PROVIDED DATA: Begin
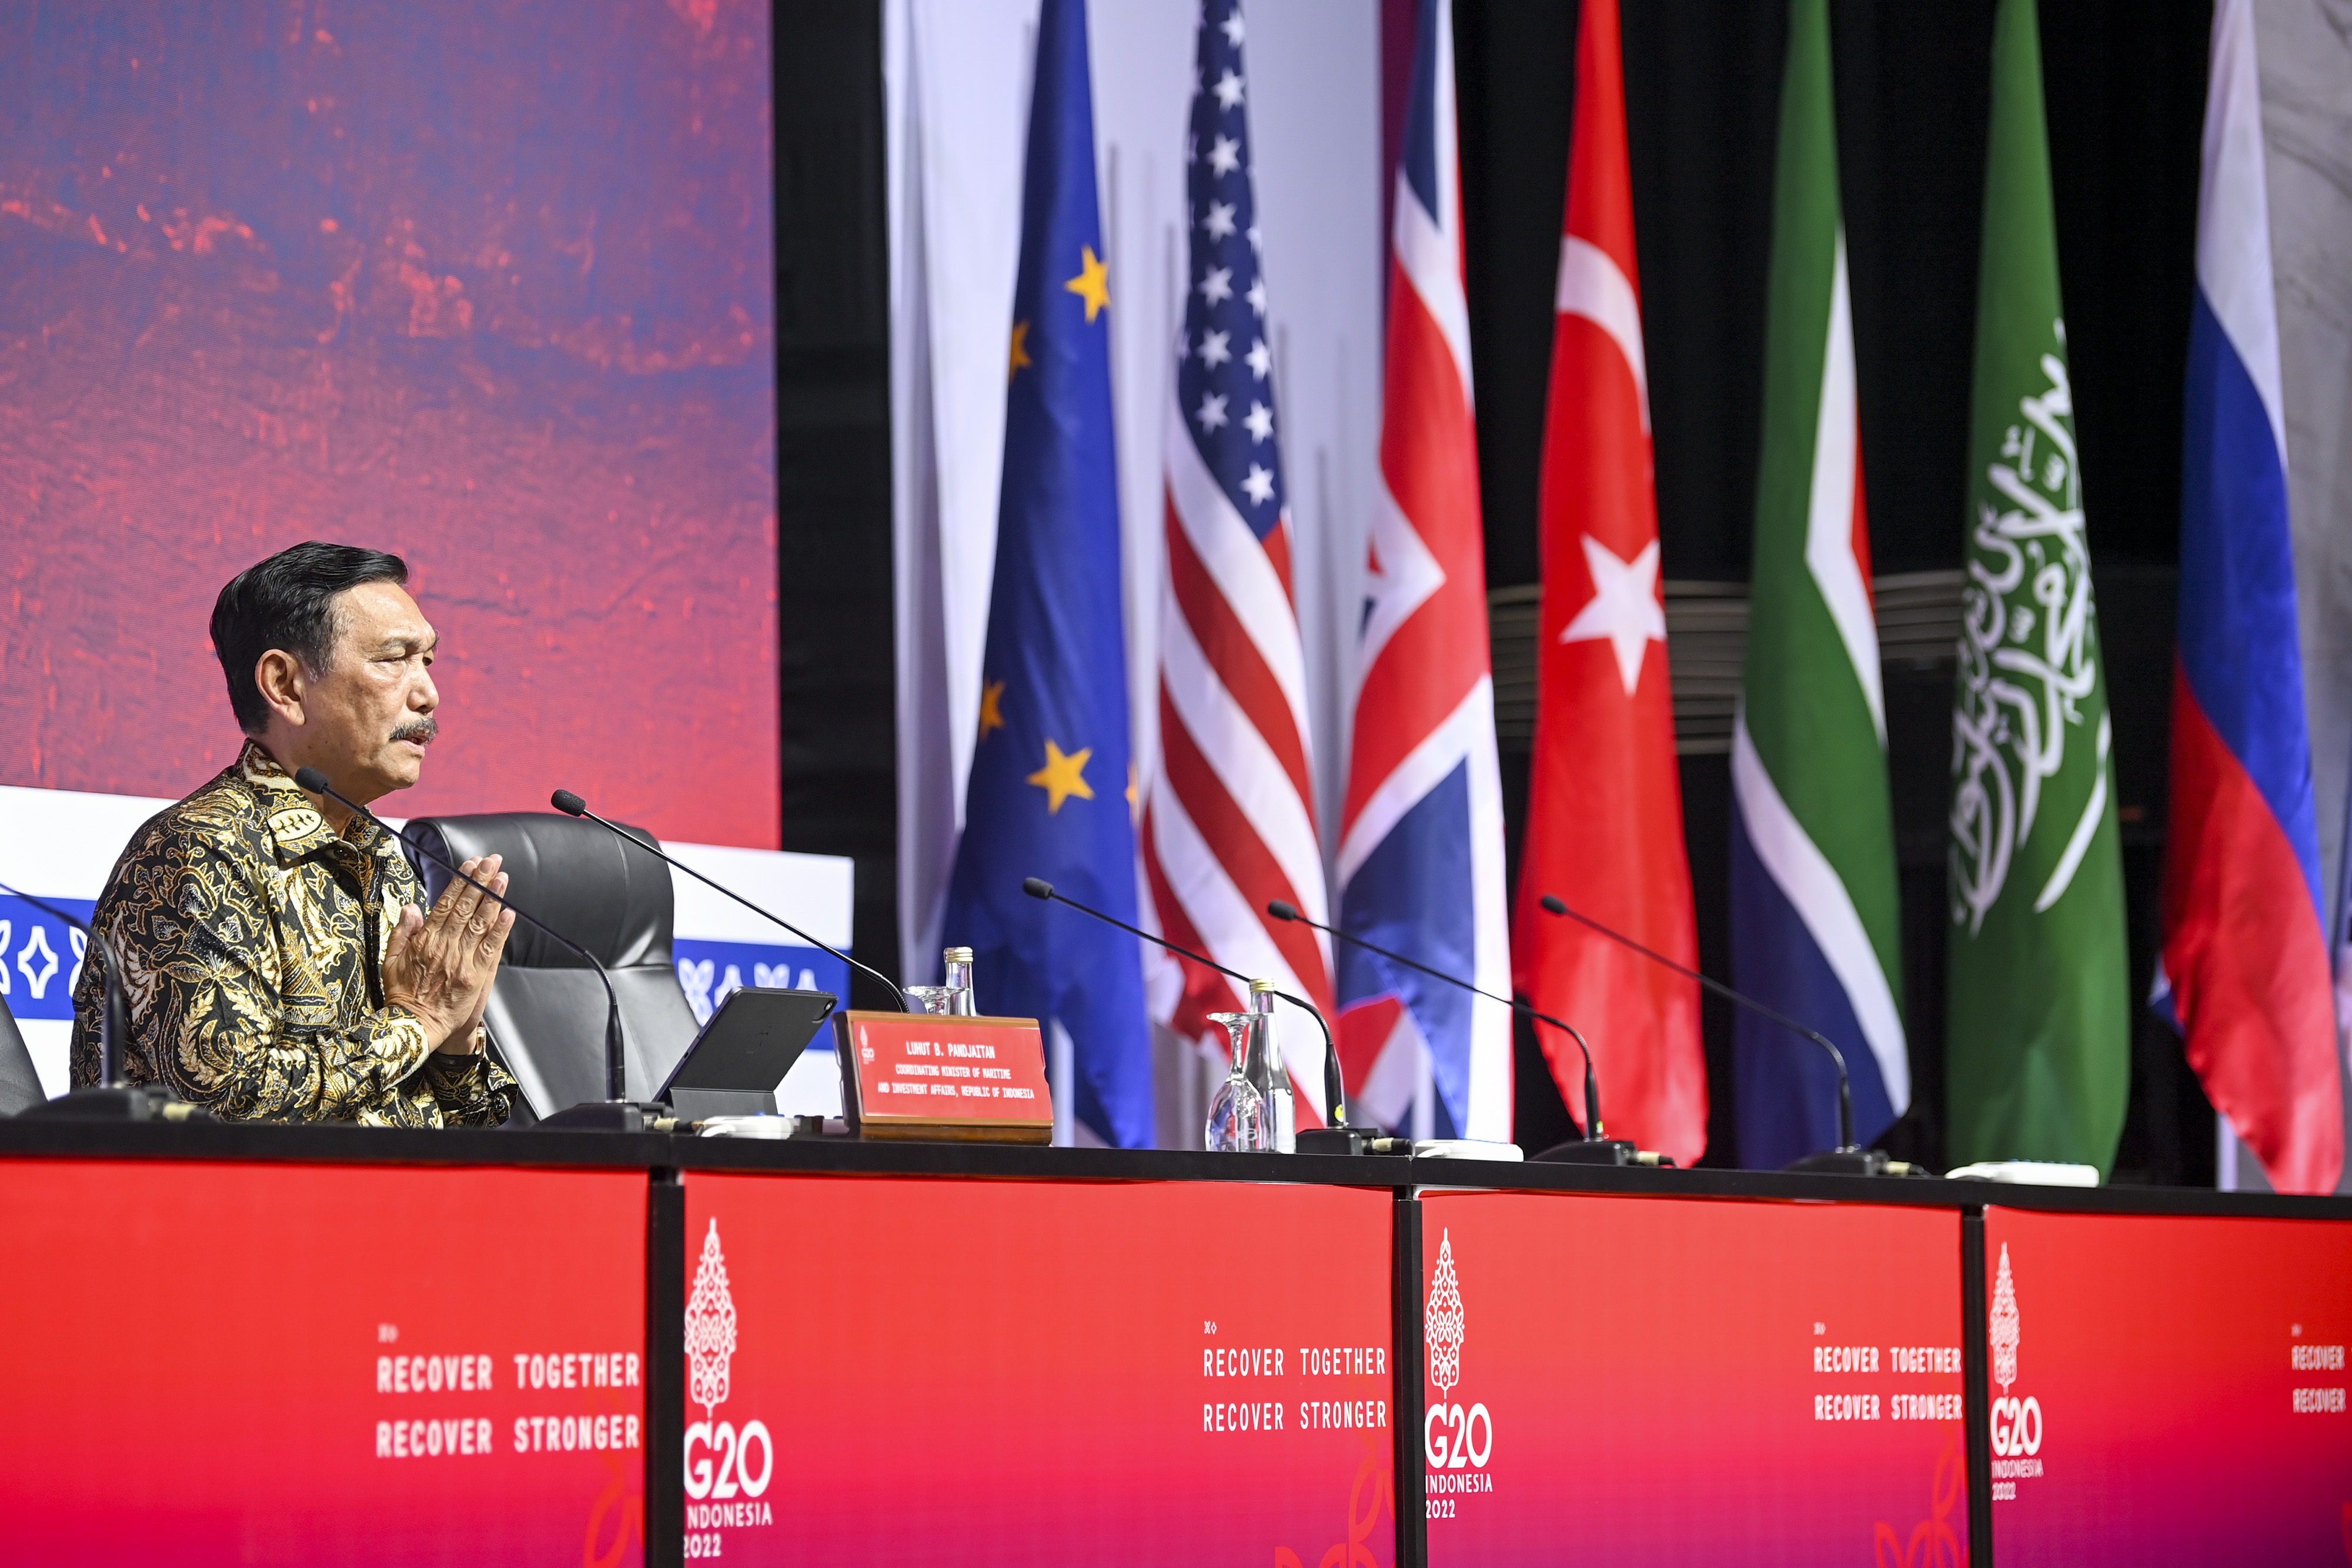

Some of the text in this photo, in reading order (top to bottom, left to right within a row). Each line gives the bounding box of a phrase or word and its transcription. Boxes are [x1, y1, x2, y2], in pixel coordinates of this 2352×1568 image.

[906, 1041, 995, 1059] LUHUT B. PANDJAITAN
[896, 1064, 1011, 1079] COORDINATING MINISTER OF MARITIME
[878, 1082, 1035, 1099] AND INVESTMENT AFFAIRS, REPUBLIC OF INDONESIA
[1204, 1347, 1385, 1377] RECOVER TOGETHER
[1813, 1346, 1962, 1373] RECOVER TOGETHER
[2291, 1345, 2345, 1370] RECOVER
[377, 1352, 640, 1393] RECOVER TOGETHER
[1815, 1394, 1963, 1420] RECOVER STRONGER
[2293, 1388, 2346, 1413] RECOVER
[1204, 1400, 1387, 1432] RECOVER STRONGER
[1990, 1396, 2043, 1456] G20
[376, 1414, 640, 1457] RECOVER STRONGER
[1424, 1402, 1492, 1469] G20
[683, 1419, 773, 1500] G20
[1991, 1459, 2044, 1479] INDONESIA
[1425, 1473, 1493, 1494] INDONESIA
[687, 1501, 773, 1529] NDONESIA
[1425, 1499, 1455, 1519] 2022
PROVIDED DATA: End
DIRECTIONS — Images must not appear; print each record precisely as it reads.

REPLY —
Some of the text in this photo, in reading order (top to bottom, left to right within a row). Each line gives the bounding box of a phrase or word and its transcription. Boxes are [x1, y1, x2, y2], in pixel coordinates of this 2352×1568 image.

[906, 1041, 995, 1059] LUHUT B. PANDJAITAN
[896, 1064, 1011, 1079] COORDINATING MINISTER OF MARITIME
[878, 1082, 1035, 1099] AND INVESTMENT AFFAIRS, REPUBLIC OF INDONESIA
[1204, 1347, 1385, 1377] RECOVER TOGETHER
[1813, 1346, 1962, 1373] RECOVER TOGETHER
[2291, 1345, 2345, 1370] RECOVER
[377, 1352, 640, 1393] RECOVER TOGETHER
[1815, 1394, 1963, 1420] RECOVER STRONGER
[2293, 1388, 2346, 1413] RECOVER
[1204, 1400, 1387, 1432] RECOVER STRONGER
[1990, 1396, 2043, 1456] G20
[376, 1414, 640, 1457] RECOVER STRONGER
[1424, 1402, 1492, 1469] G20
[683, 1419, 773, 1500] G20
[1991, 1459, 2044, 1479] INDONESIA
[1425, 1473, 1493, 1494] INDONESIA
[687, 1501, 773, 1529] NDONESIA
[1425, 1499, 1455, 1519] 2022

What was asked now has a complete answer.